Crawling on very stealthily, he got under the shrubbery to the
entrance of the passage. In the blackness a faint streak of
light showed the location of a crack in the wall. He had to
slip in sidewise. It was a tight squeeze, but he entered
without the slightest noise. As he progressed the passage grew
a very little wider in that direction, and that fact gave rise
to the thought that in case of a necessary and hurried exit he
would do best by working toward the patio. It seemed a good
deal of time was consumed in reaching a vantage-point. When he
did get there the crack he had marked was a foot over his head.
There was nothing to do but find toe-holes in the crumbling
walls, and by bracing knees on one side, back against the
other, hold himself up Once with his eye there he did not care
what risk he ran. Longstreth appeared disturbed; he sat
stroking his mustache; his brow was clouded.
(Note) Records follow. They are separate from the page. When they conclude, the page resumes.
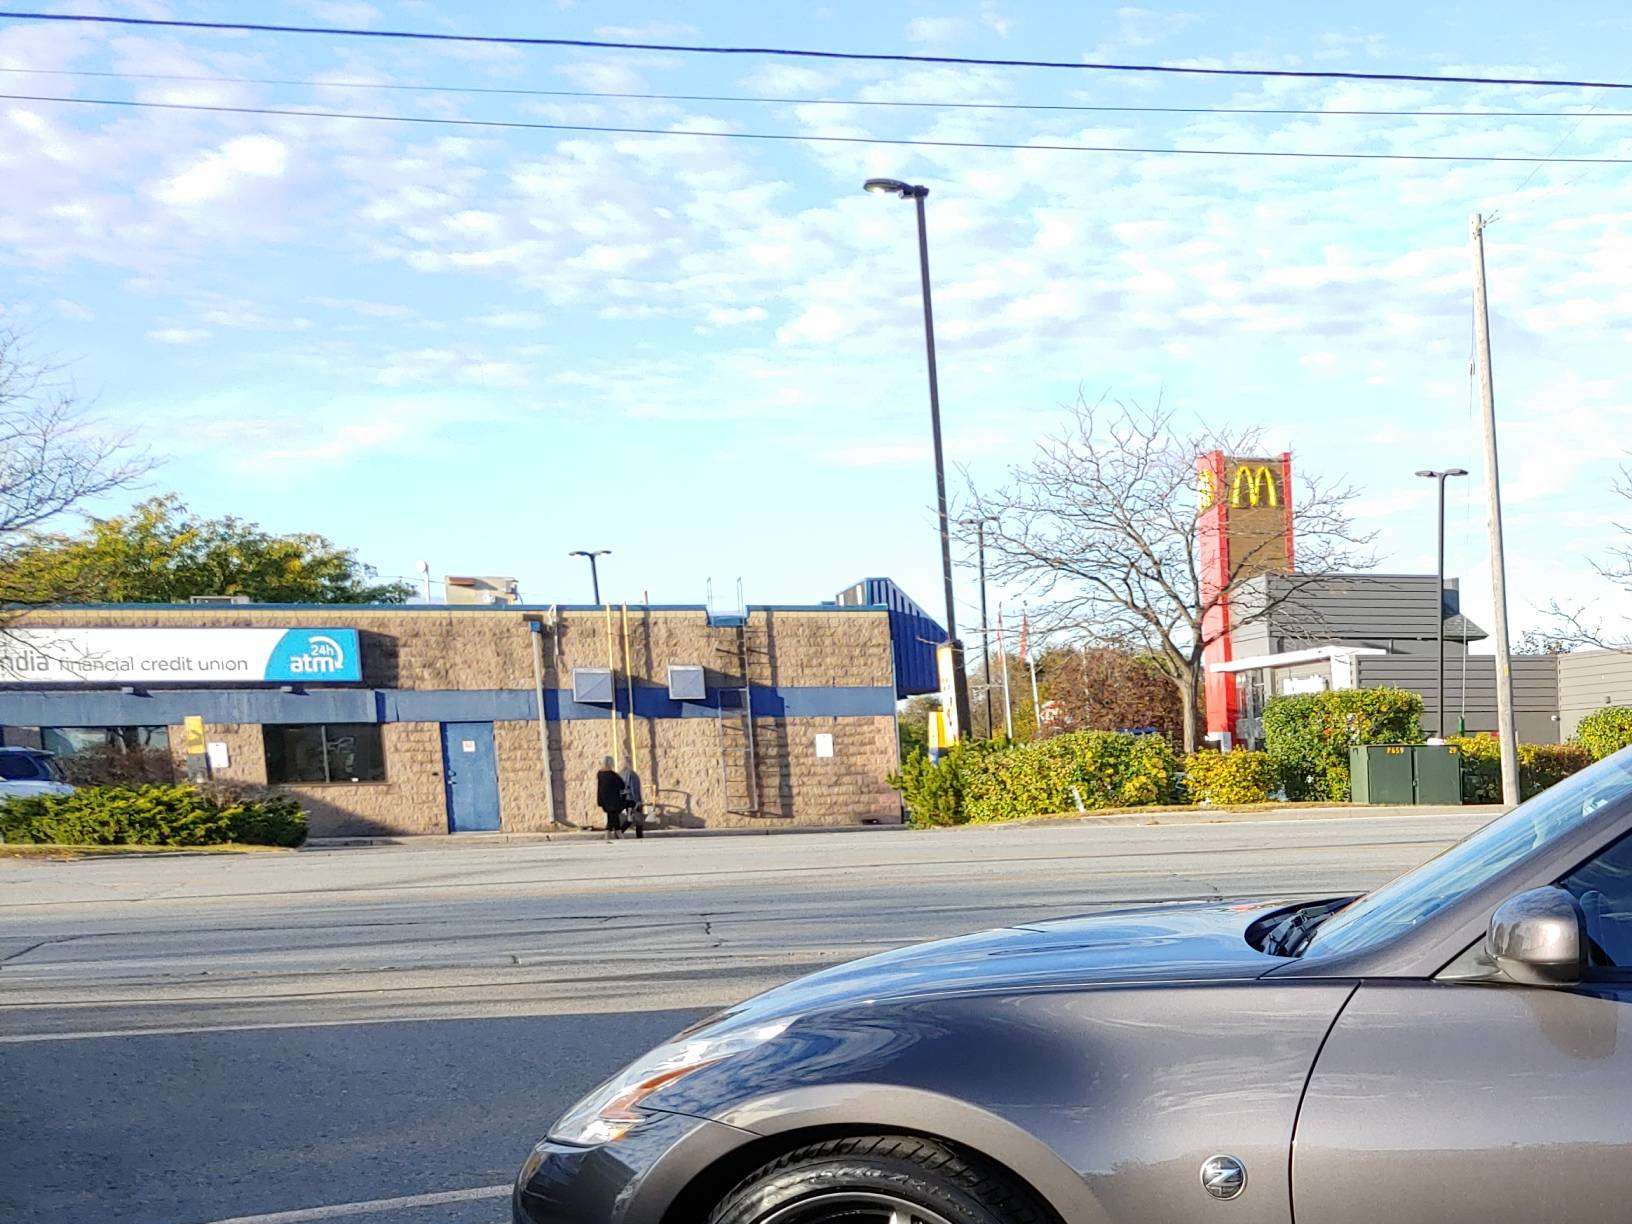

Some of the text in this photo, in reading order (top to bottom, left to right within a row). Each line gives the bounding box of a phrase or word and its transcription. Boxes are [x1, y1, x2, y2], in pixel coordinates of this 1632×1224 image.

[310, 644, 335, 657] 24h
[59, 656, 135, 672] financial
[140, 656, 194, 672] credit
[198, 657, 249, 672] union
[290, 653, 335, 673] atm
Lawson's face
seemed darker, more sullen, yet lighted by some indomitable
resolve.
"We'll settle both deals to-night," Lawson was saying. "That's
what I came for."
"But suppose I don't choose to talk here?" protested
Longstreth, impatiently. "I never before made my house a place
to--"
"We've waited long enough. This place's as good as any. You've
lost your nerve since that ranger hit the town. First now, will
you give Ray to me?"
"Floyd; you talk like a spoiled boy. Give Ray to you! Why,
she's a woman, and I'm finding out that she's got a mind of her
own. I told you I was willing for her to marry you. I tried to
persuade her. But Ray hasn't any use for you now. She liked you
at first. But now she doesn't. So what can I do?"
"You can make her marry me," replied Lawson.
"Make that girl do what she doesn't want to? It couldn't be
done even if I tried. And I don't believe I'll try. I haven't
the highest opinion of you as a prospective son-in-law, Floyd.
But if Ray loved you I would consent. We'd all go away together
before this damned miserable business is out. Then she'd never
know. And maybe you might be more like you used to be before
the West ruined you. But as matters stand, you fight your own
game with her. And I'll tell you now you'll lose."